The ruling cut short a fraudulent tender process that saw the FBR award the track and trace contract to the National Radio & Telecommunication Corporation (NRTC) last October – despite the fact that the bid relied on a blatant pricing mistake, offering 0,731 instead of 731 PKR ($4.49 USD) per 1,000 tax stamps. Under normal circumstances, this should’ve disqualified NRTC from the tender. Instead, the firm was able to negotiate with the authorities and rebid with an altered price that finally clinched the contract.

Yet perhaps the most disturbing detail is that NRTC was offering to implement a track and trace system developed by Swiss software company Inexto, a product suite known as Codentify. This system has been shown to have been developed entirely by tobacco giant Philip Morris and promoted jointly by the tobacco companies as a way to ensure track and trace regimes remain ineffective.

Pricing issues aside, an industry-designed tracing system is a blatant violation of the WHO Framework Convention on Tobacco Control (FCTC), notably the FCTC Protocol to eliminate illicit trade in tobacco products.

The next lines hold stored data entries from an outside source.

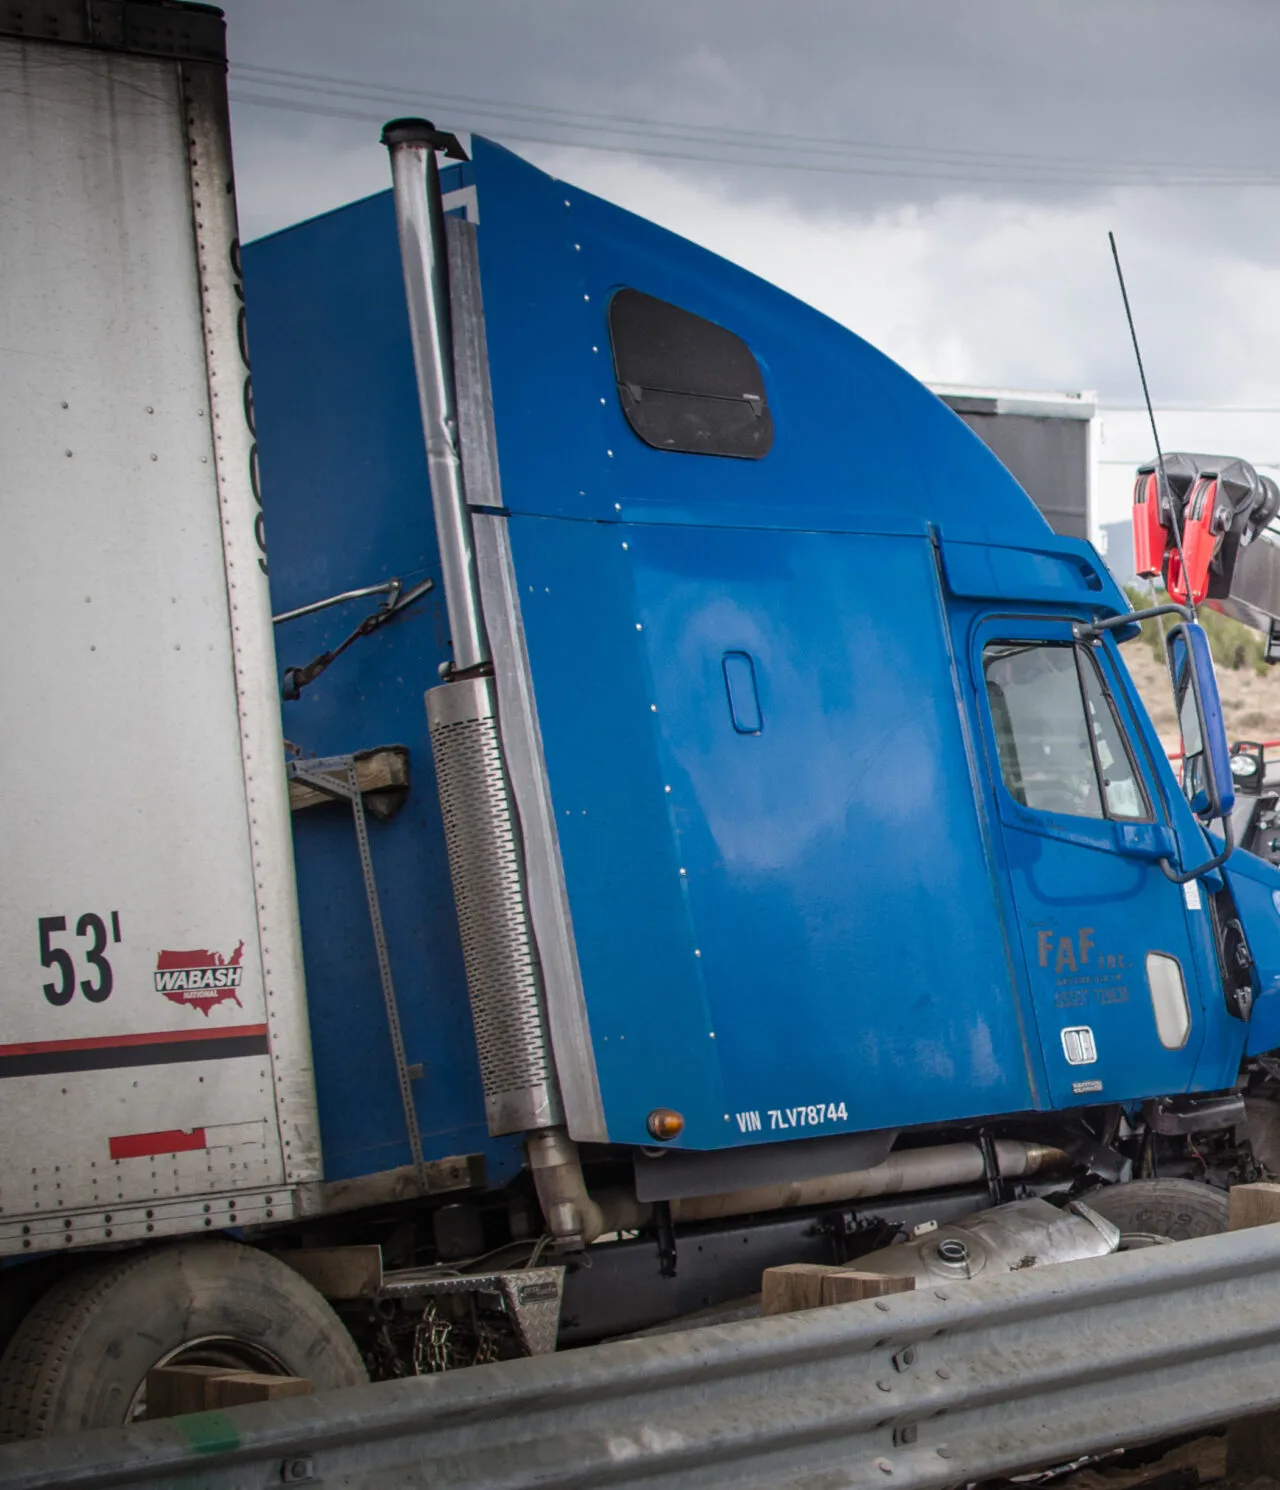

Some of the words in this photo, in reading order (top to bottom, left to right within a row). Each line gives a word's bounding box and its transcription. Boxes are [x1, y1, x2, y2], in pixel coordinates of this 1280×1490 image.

[38, 910, 122, 1006] 53'
[1037, 927, 1095, 973] FAF
[155, 967, 242, 991] WABASH
[183, 989, 219, 999] NATIONAL
[735, 1111, 762, 1133] VIN
[767, 1102, 849, 1130] 7LV78744

That agreement expressly forbids such collusion between system suppliers and the industry; among its other provisions, Article 13 of the Protocol goes as far as to prohibit any relations between public officials, the tobacco industry, and those representing the industry’s interests for track and trace beyond the strictly necessary.

A new hope?

Still, the unravelling of the tender debacle shows clearly that not all is lost. After all, the court’s decision not only is a chance to reset the process and make sure the tender procedures are transparent and fair. Perhaps more importantly, it’s a chance to leverage international scrutiny of the bidders and eliminate those who are corrupting the system, especially as Pakistan engages with multilateral lenders such as the IMF and the World Bank and finds itself compelled to demonstrate its commitment to reforms in the face of doubts over the government’s ability to collect revenue – most recently voiced by Moody’s.

There’s little doubt the bar is now set significantly higher than before. If Pakistan were to successfully implement a robust track and trace system against the illicit trade of tobacco products, billions of rupees in tax revenue could go towards shoring up the healthcare system at time of unprecedented crisis – and equipping it to deal with future ones.